VonMarcel Grzannaschließen
Uiguren, aber auch Nordkoreaner, verarbeiten unfreiwillig Fisch und Meeresfrüchte für den europäischen Markt. Die Vermittlung dieser Arbeitskräfte ist Teil eines Systems.
Die Liste problematischer Produkte aus China wird immer länger. Nach Tomaten, Textilien, Baumwolle, Solarmodulen, Unterhaltungselektronik und Autoteilen rücken jetzt auch Fisch und Meeresfrüchte ins Zwielicht. Das Investigativ-Portal The Outlaw Ocean Project hat zahlreiche Beweise und Indizien dafür zusammengetragen, dass uigurische Männer und Frauen zur Arbeit in Lebensmittelbetrieben in chinesischen Küstenprovinzen gezwungen werden.
Mindestens 1.000 Uiguren und Uigurinnen seien demnach im Rahmen eines staatlichen Arbeitsprogramms an Unternehmen vermittelt worden, um dort gegen ihren Willen in der Weiterverarbeitung von Fisch und Meeresfrüchten für den europäischen und nordamerikanischen Markt zu arbeiten.

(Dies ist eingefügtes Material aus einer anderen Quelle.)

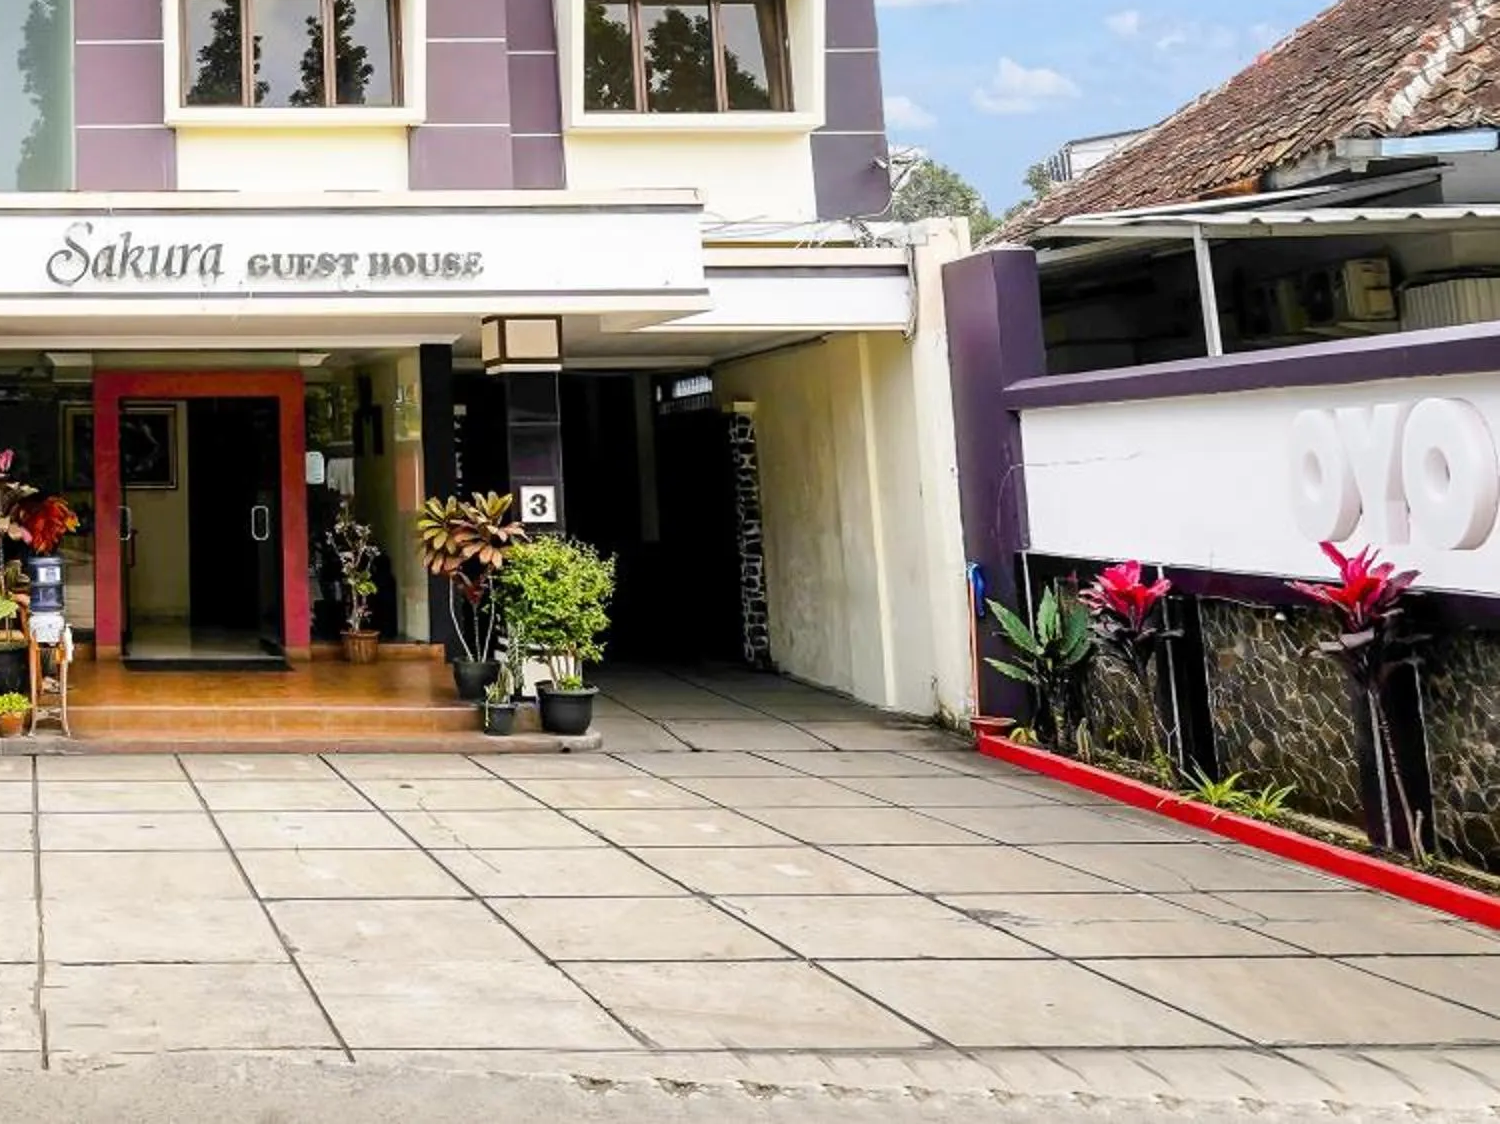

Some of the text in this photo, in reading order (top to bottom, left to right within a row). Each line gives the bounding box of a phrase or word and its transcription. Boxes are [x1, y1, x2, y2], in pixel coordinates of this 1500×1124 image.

Auch mehrere Hundert nordkoreanische Staatsbürger sollen in diversen Fabriken der Region unfreiwillig beschäftigt sein.
Zu den namentlich genannten Unternehmen zählen unter anderem die Chishan Group, eine der führenden Produzenten von Fischerei-Produkten aus Shandong. Dass dort Uiguren aus Xinjiang zum Arbeiten vermittelt wurden, bestätigte laut dem Bericht ein Manager in einem Rundschreiben an die Mitarbeiter. Ebenso erwähnt wird Yantai Sanko Fisheries aus Shandong. Von dort tauchten Bilder auf, wie uigurische Arbeiter eine Rede von Chinas Parteichef Xi Jinping einstudierten – von einer städtischen Agentur offiziell verbreitet.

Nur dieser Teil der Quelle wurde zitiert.